Almost all of us have had someone special in our lives. It's someone who made us a better person; someone who taught us lessons that shaped our future. For some, it's a member of the family. For others, it is a mentor, or even a stranger who helped elevate our existence. For a handful, it's someone famous or distinguished we never met, but inspired us to always try harder.
Random interviews with East County locals reveal how an assortment of people changed their lives for the better.
"It was my brother who taught me how to deal with adversity," said Tyler Porter of Antioch. "He lost his eyesight when he was 21 and wouldn't let it get him down. He lived alone and faced daily challenges. He sharpened his memory so that he could describe something better than people who could see."
Rene Guevarra of Antioch never met Philippine boxer Manny Pacquiao, his idol. "He made me a better person by setting an example on how to live on top of the world, respect all others and still be humble," he said. "I dream of actually meeting him some day."
Dale West of Oakley singled out an economics professor at UC Berkeley. "He was an amazing mentor with boundless information on just about everything," he said. "He made going to his classes a wonderful experience. But, it's hard to pick a single person who became a lifelong inspiration. We all know a lot of people who shaped our lives."
Antioch's Stephanie Boushey said it was the Rev. Francisco
"My parents were amazing," said Juanita Lopez of Oakley. "I can never forget their stories about work ethic and coping with life. They came to America from Mexico with four kids. They started with nothing and made it work by working tirelessly.
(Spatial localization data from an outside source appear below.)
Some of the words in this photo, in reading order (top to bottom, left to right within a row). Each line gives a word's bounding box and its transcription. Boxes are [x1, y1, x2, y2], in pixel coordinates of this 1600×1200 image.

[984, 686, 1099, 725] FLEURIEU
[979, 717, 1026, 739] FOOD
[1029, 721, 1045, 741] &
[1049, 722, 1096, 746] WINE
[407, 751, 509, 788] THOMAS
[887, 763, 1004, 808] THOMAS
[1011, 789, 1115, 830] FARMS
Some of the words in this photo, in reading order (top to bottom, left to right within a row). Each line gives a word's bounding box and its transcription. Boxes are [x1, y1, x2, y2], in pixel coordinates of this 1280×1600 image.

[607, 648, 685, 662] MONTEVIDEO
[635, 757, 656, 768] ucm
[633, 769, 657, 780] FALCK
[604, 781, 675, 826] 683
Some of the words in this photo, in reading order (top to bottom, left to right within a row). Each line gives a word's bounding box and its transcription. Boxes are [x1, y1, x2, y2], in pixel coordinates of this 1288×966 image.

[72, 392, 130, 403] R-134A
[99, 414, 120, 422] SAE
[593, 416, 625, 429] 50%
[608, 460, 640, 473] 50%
They never took welfare or any other kind of assistance or handout."
Brentwood's Becky Emmerling talked of her grandmother. "She came to this country speaking only Spanish, but could communicate love without language. She was a never- ending example of goodness," she said. "My other inspiration is President Obama. I really look up to him and admire his understanding of life and truth."
Joann Reams of Byron also picked her grandmother. "She died 20 years ago and left me with a better understanding of morality and love," she said. "More recently, it's my best friend for the past 15 years. She's a one-in-a-million in inspiring love and caring. She keeps teaching me how to be a better person."
"Years ago I worked with Mr. Sri, a gentleman from India who was my great mentor," said Julie Stanley of Antioch. "He liked to teach people to keep striving to achieve their potential. His attitude always was positive. The great lesson I learned from him is that we never stop growing, and never should stop learning."
Brentwood's Jane Oertwig said an informal logic class she took at the University of Utah changed her life. "We learned to question things because everything isn't black or white. There are shades of gray in almost everything. We learned to think and not take anything at face value."
Ted Turner is the inspiration and easily the most interesting man Brentwood's Dave Dennick ever knew. "I sailed with him 30 years ago on San Francisco Bay and crewed for him in Europe," he said. "Turner chose his own path, capable of brilliant quick thinking in his careers at CNN and owning the Atlanta Braves. He knew how to make big things happen. And he also knew how to mix with and work well with all kinds of people."